Goal of the exercise: Every record below is to be restated verbatim, though its images are not.

Listed entries:
*** Block opens ***

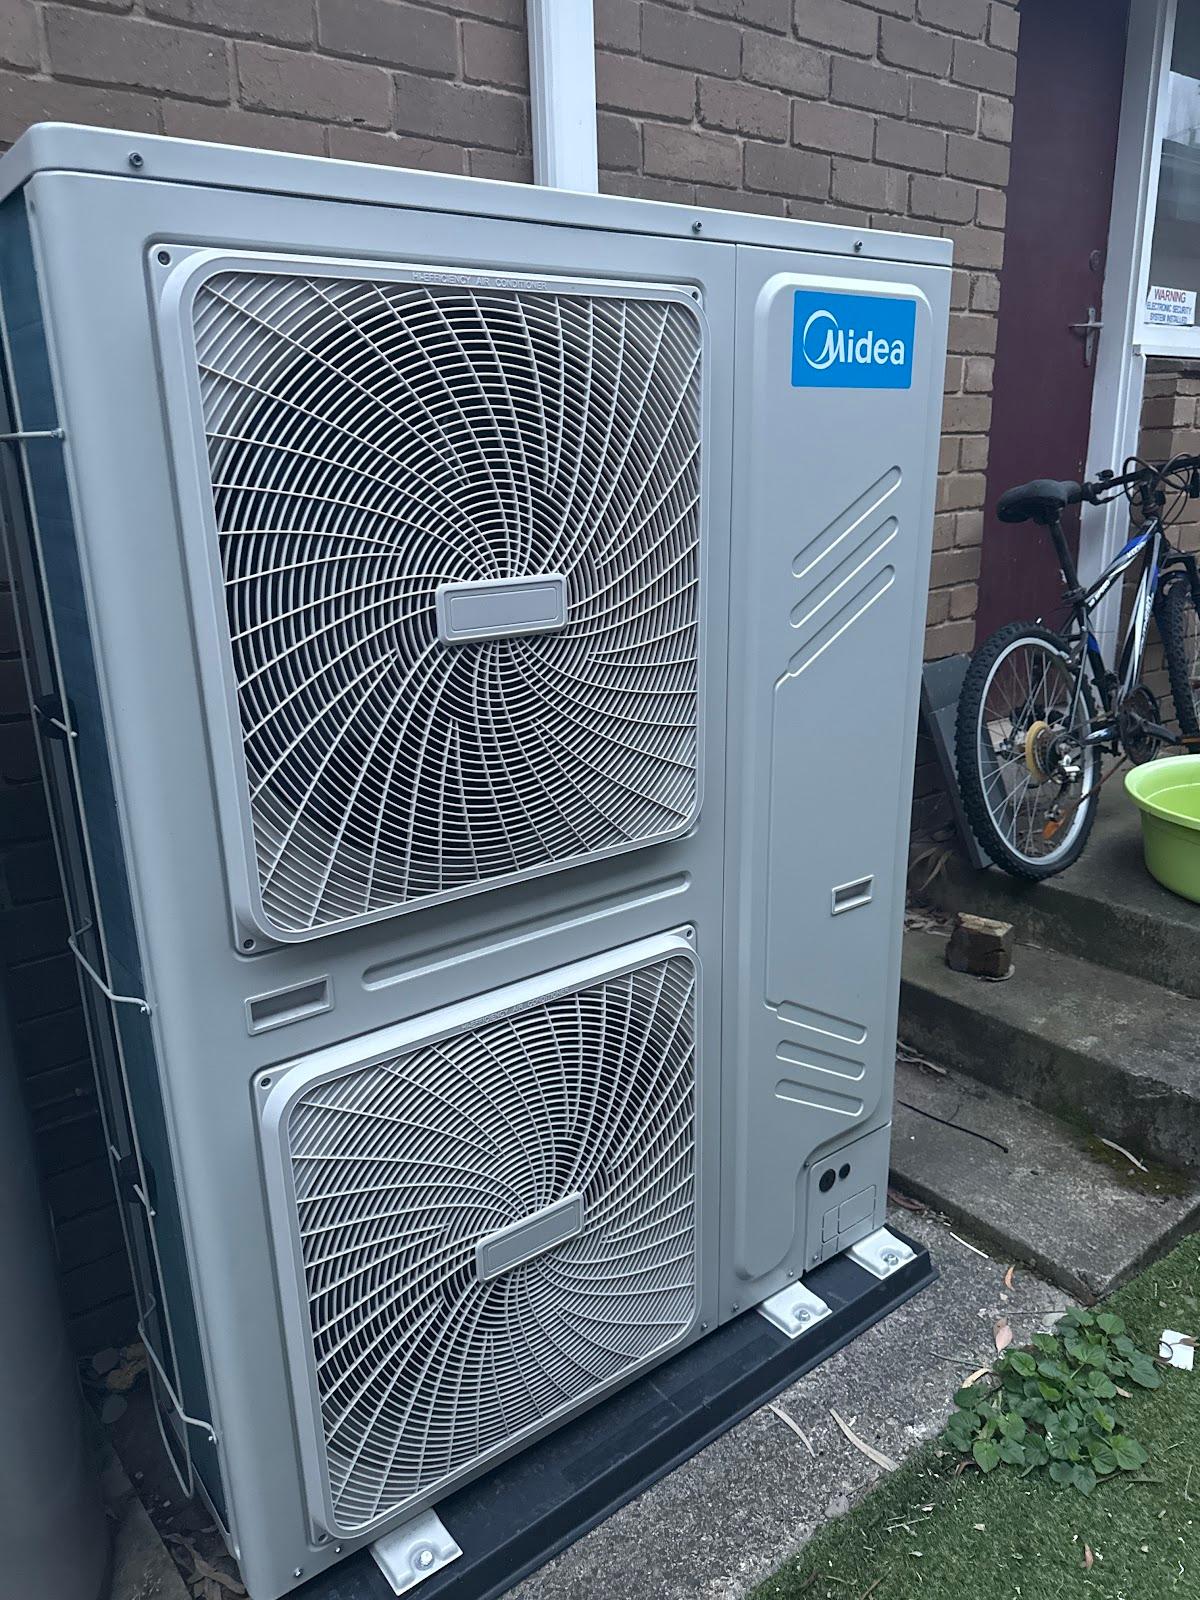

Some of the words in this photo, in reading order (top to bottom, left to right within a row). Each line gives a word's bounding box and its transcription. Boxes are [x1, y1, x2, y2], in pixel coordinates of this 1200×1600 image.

[412, 271, 471, 285] HI-EFFICIENCY
[476, 277, 489, 286] AIR
[496, 278, 548, 290] CONDITIONER
[1154, 288, 1186, 303] WARNING
[803, 309, 905, 369] Midea

*** Block closes ***

Response below:
Some of the words in this photo, in reading order (top to bottom, left to right within a row). Each line gives a word's bounding box and its transcription. Boxes are [x1, y1, x2, y2], in pixel coordinates of this 1200×1600 image.

[412, 271, 471, 285] HI-EFFICIENCY
[476, 277, 489, 286] AIR
[496, 278, 548, 290] CONDITIONER
[1154, 288, 1186, 303] WARNING
[803, 309, 905, 369] Midea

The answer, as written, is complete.